No meio de 1967 comecei a ficar com insônia. Nunca fui de me viciar em drogas mas confesso que já experimentei a psicodelia  de um ácido e o agito corporal de uma "bolinha azul". Eu estava angustiada. E não sabia o motivo. Me revirava na cama, fechava os olhos, tentei sonhar com John Lennon ou Steve Marriot e nada do meu sono aparecer. Talvez Morfeu esqueceu de mim naquela noite. Mas que piada! Fazia uns 15 dias que andava com olhos abertos altas horas da noite. Nunca terminei um namoro assim, com direito do parceiro brigar comigo. Fui para o trabalho e lá escondi minha dor. Aos olhos de todos, estava bem. No fundo estava destruída. Por vários dias me angustiei e escrevi cartas para alguém que nem mesmo eu sabia que existia. Mas todas diziam que eu o amo.
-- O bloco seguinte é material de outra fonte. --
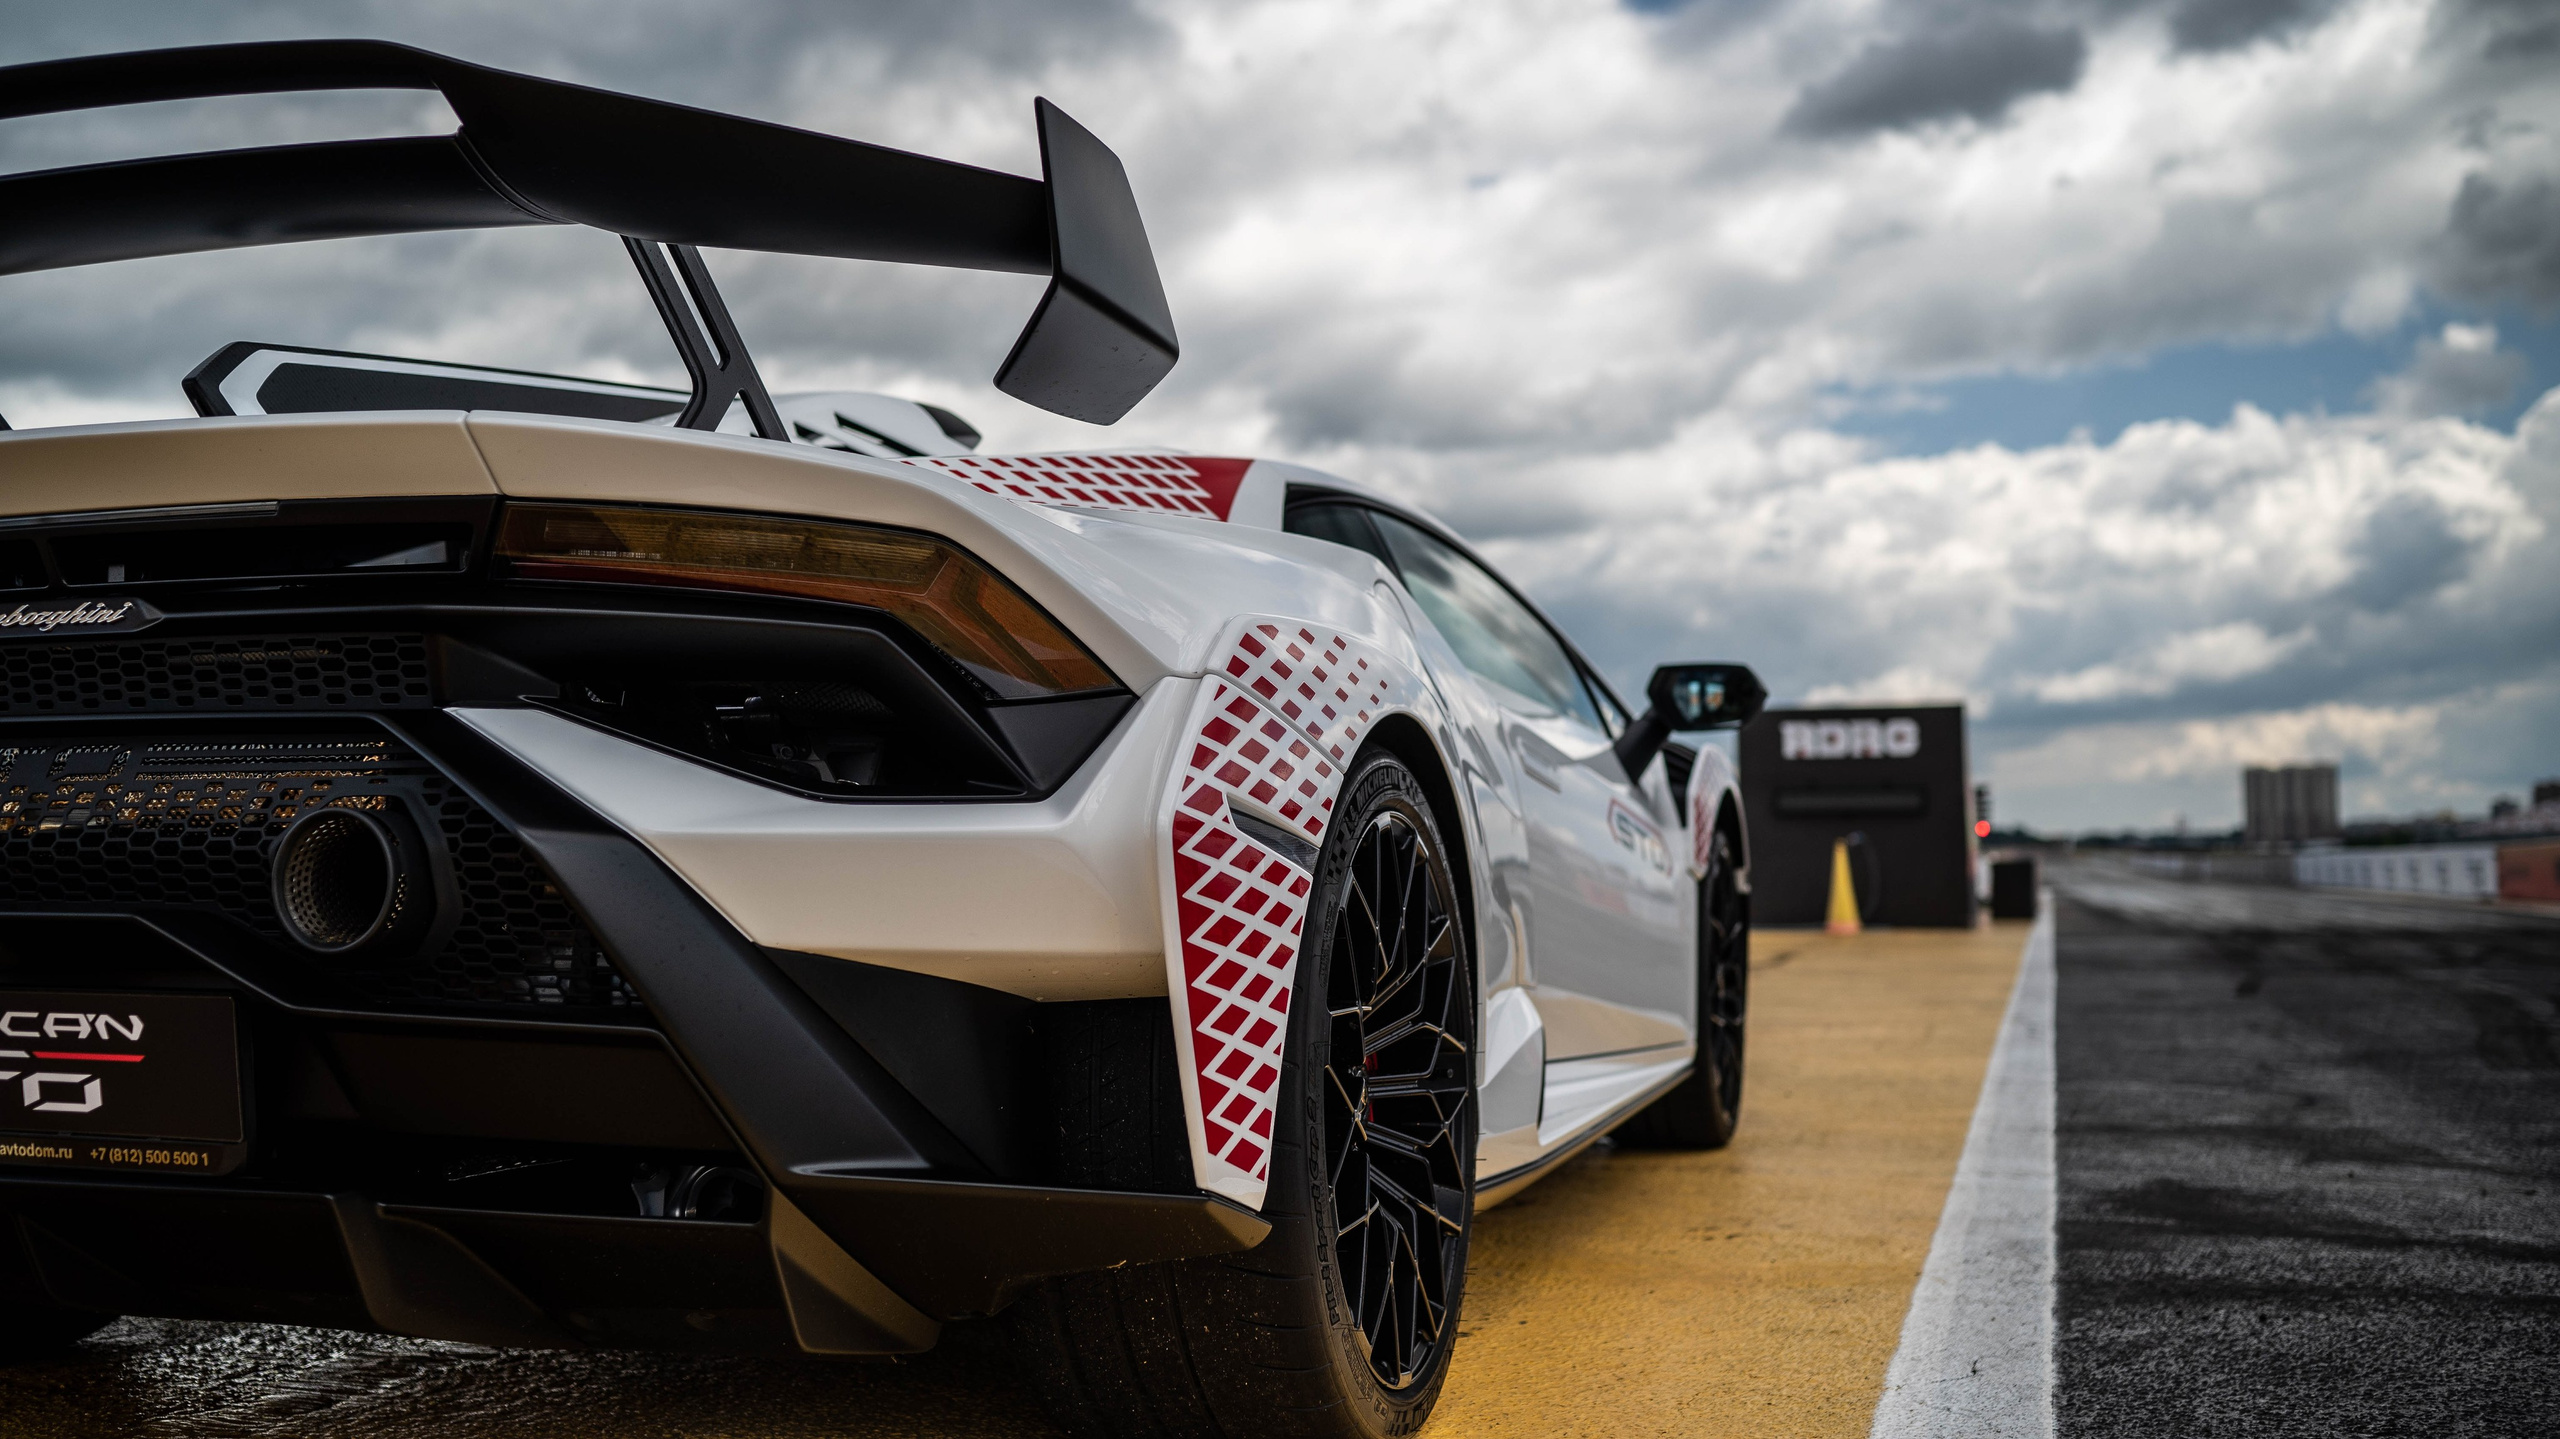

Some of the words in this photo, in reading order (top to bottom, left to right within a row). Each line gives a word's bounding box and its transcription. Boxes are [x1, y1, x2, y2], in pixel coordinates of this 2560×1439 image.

[91, 1148, 106, 1161] +7
[109, 1148, 142, 1166] (812)
[146, 1151, 170, 1165] 500
[173, 1152, 198, 1166] 500
[202, 1153, 209, 1167] 1
[1321, 1265, 1340, 1326] Pilot
Por quê?

domingo, 1 de janeiro de 2012

Quando a chuva passar..

Ainda me lembro dos dias de chuva em Liverpool. Podem me chamar de estranha mas a verdade é que eu amava ver um dia nublado, com um clima ameno. Em casa tinha meus devaneios de menina, ouvia discos dos meus ídolos e olhava os posteres que tinha no quarto. E pensar que nos anos 50, minha paixão era James Dean até Elvis Presley.
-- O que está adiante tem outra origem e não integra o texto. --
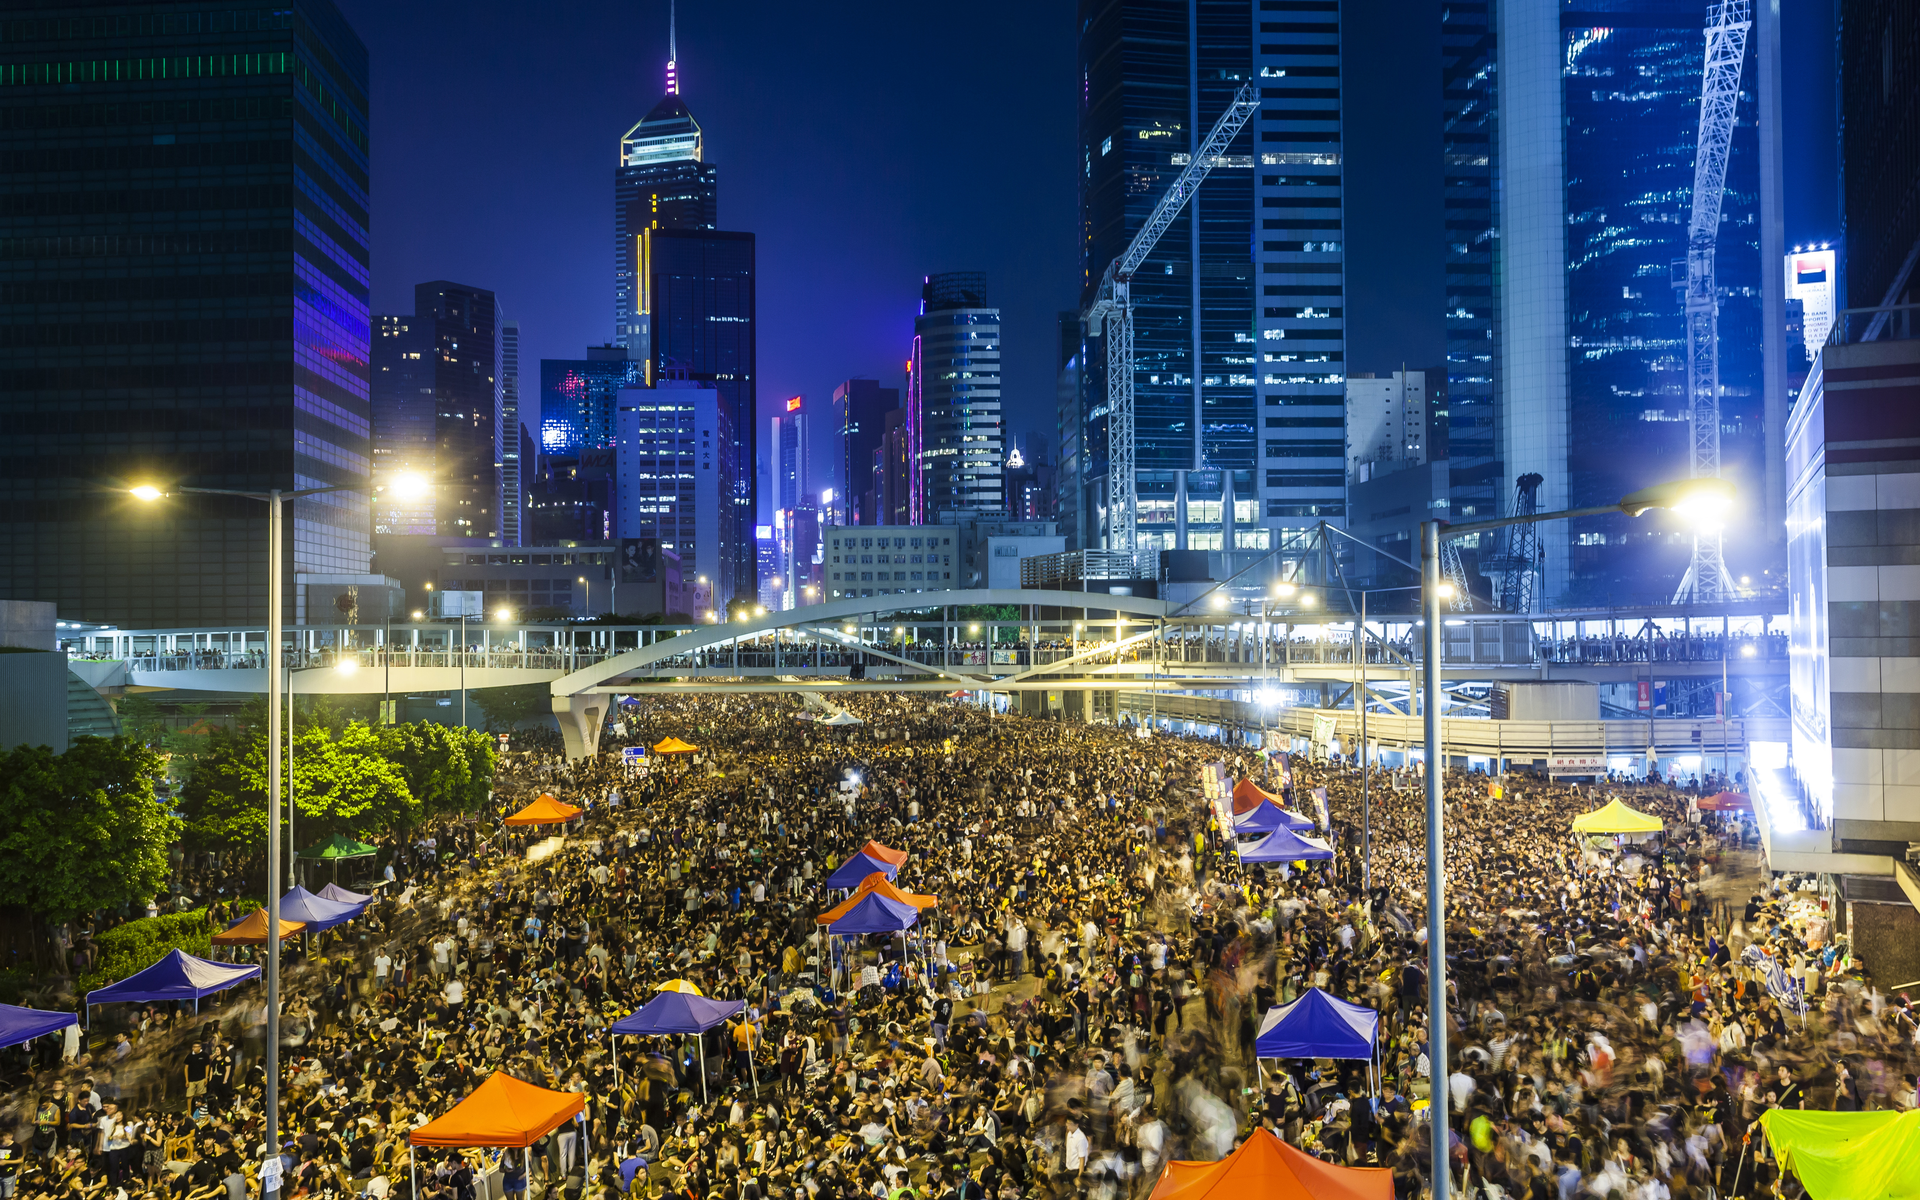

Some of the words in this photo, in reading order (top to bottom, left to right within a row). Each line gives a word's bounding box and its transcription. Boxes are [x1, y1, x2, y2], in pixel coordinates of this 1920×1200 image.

[581, 451, 614, 471] YMCA
[971, 651, 986, 664] 香港
[994, 651, 1010, 663] 加油
James Dean era o idealismo do meu amado rebelde. Na minha criancice, desejava urgentemente encontrar um desses nas ruas de Liverpool ou em outro lugar de Mersey. Mas não encontrava. Talvez fosse uma raridade ou por causa da minha pouca idade. Mas desejava mesmo James Dean. Dormia e acordava com seus filmes gravados na minha memória. Suspirava... Foi num dia de chuva de 1955 que ouvi na rádio o anúncio de sua morte. Tão jovem e cheio de vida. Ele morreu sem ao menos saber da minha existência.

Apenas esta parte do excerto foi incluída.